Why I Agree With Chip Wilson, Founder of Lululemon

*Originally posted on November 16, 2013*

So Chip Wilson, founder of Lululemon, addressed the common complaint against Lululemon’s yoga pants: They are pilling easily and are too sheer. His comments can be found here, along with information regarding a petition that has been started to have the company make clothing for sizes 14+. Currently, Lululemon only carries up to size 12.

So here’s the thing. I don’t think the guy’s 100% right, and I don’t think that he should have said that out loud. But I also 100% disagree with Lululemon making clothing in bigger sizes. And here’s why:

We all know someone who is thin, fit and in love with their Lulus, but who doesn’t buy them anymore because they are not of the same quality that they once were. Please note, I said we all know someone who is thin and fit. Meaning, even small, petite people find Lululemon’s clothing to be pilling and perhaps more sheer than they used to be. So, on that account, Mr. Wilson, I don’t agree with you. It’s not necessarily body type that determines whether the pants pill and become sheer. He did say, however, that women wear them with seatbelts that rub and purses that rub and that that is a contributing factor in the compromise in quality of material. And that’s a whole different rant. Why are women wearing yoga pants out and about and not just to yoga? They’re called yoga pants. Stop wearing them to school, work, the grocery store, the movies, really anywhere that isn’t a fitness yoga class.

But, I digress…

It’s not just plus-sized people who find this clothing line to be of lesser quality than it used to be. So, strike one for Mr. Wilson. But, I don’t think that Lululemon needs to make clothes that fit all people, or even a wider range of people. Why? Because that’s not their target market. Lululemon provides people with very expensive athletic wear. And they are targeting the sizes that society generally views to be ‘healthy’, 0-12. 14+ is considered ‘plus-size’ and there are designated stores to buy those sizes. If Lululemon begins to sell their clothing in sizes 14+, then I want Forever Yours Lingerie to sell size 32A and XS panties. If Lululemon begins to sell size 14+ pants, I want Addition Elle to sell size 00 pants. It’s not body shaming, it’s a store selling to their target market.

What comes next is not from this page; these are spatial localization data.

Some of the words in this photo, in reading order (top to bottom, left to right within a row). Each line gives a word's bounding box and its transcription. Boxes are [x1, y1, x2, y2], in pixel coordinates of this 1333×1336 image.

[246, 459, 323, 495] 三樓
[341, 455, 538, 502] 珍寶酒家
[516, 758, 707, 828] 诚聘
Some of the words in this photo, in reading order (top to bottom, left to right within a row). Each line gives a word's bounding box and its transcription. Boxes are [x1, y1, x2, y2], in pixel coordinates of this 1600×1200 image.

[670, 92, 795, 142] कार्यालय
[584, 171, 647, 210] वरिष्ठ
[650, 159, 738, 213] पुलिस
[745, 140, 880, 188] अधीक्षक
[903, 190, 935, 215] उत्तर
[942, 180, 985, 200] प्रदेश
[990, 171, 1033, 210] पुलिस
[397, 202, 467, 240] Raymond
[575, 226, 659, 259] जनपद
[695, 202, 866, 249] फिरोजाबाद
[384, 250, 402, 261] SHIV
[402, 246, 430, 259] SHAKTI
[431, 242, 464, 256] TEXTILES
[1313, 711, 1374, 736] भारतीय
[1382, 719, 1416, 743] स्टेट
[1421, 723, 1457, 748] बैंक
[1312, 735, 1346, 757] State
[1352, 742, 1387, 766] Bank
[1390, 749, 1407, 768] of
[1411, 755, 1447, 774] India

Speaking of body shaming, apparently it’s not okay for stores like Lululemon to say that bigger women aren’t meant for their clothes, since people immediately assume that means that bigger is ‘bad’. But it is apparently okay for plus-sized women to post things like this and this, insinuating that thin is ‘bad’. I am inundated with these pictures on my Facebook newsfeed from plus-sized women that I am friends with who frequently post messages with this sentiment. You know what? Sometimes people are just born thin. I have friends who have shed tears over being called “disgusting”, “anorexic”, “sick”, and “unhealthy” for being the thin size that they naturally are. Or for working hard at the gym, eating lean proteins, complex carbs, and a shit ton of fruits and veggies to be as healthy as they can, just to hear from complete strangers that they look “disgusting”. Just know that it goes both ways. How do you think it makes me feel when I see posts that say that “only dogs like bones” when, because I’ve been working out and eating healthier, my hip bones have started to protrude? I’m a healthy size 6, so how do you think those posts make my healthy size 2 bestie feel, if they make me self-conscious?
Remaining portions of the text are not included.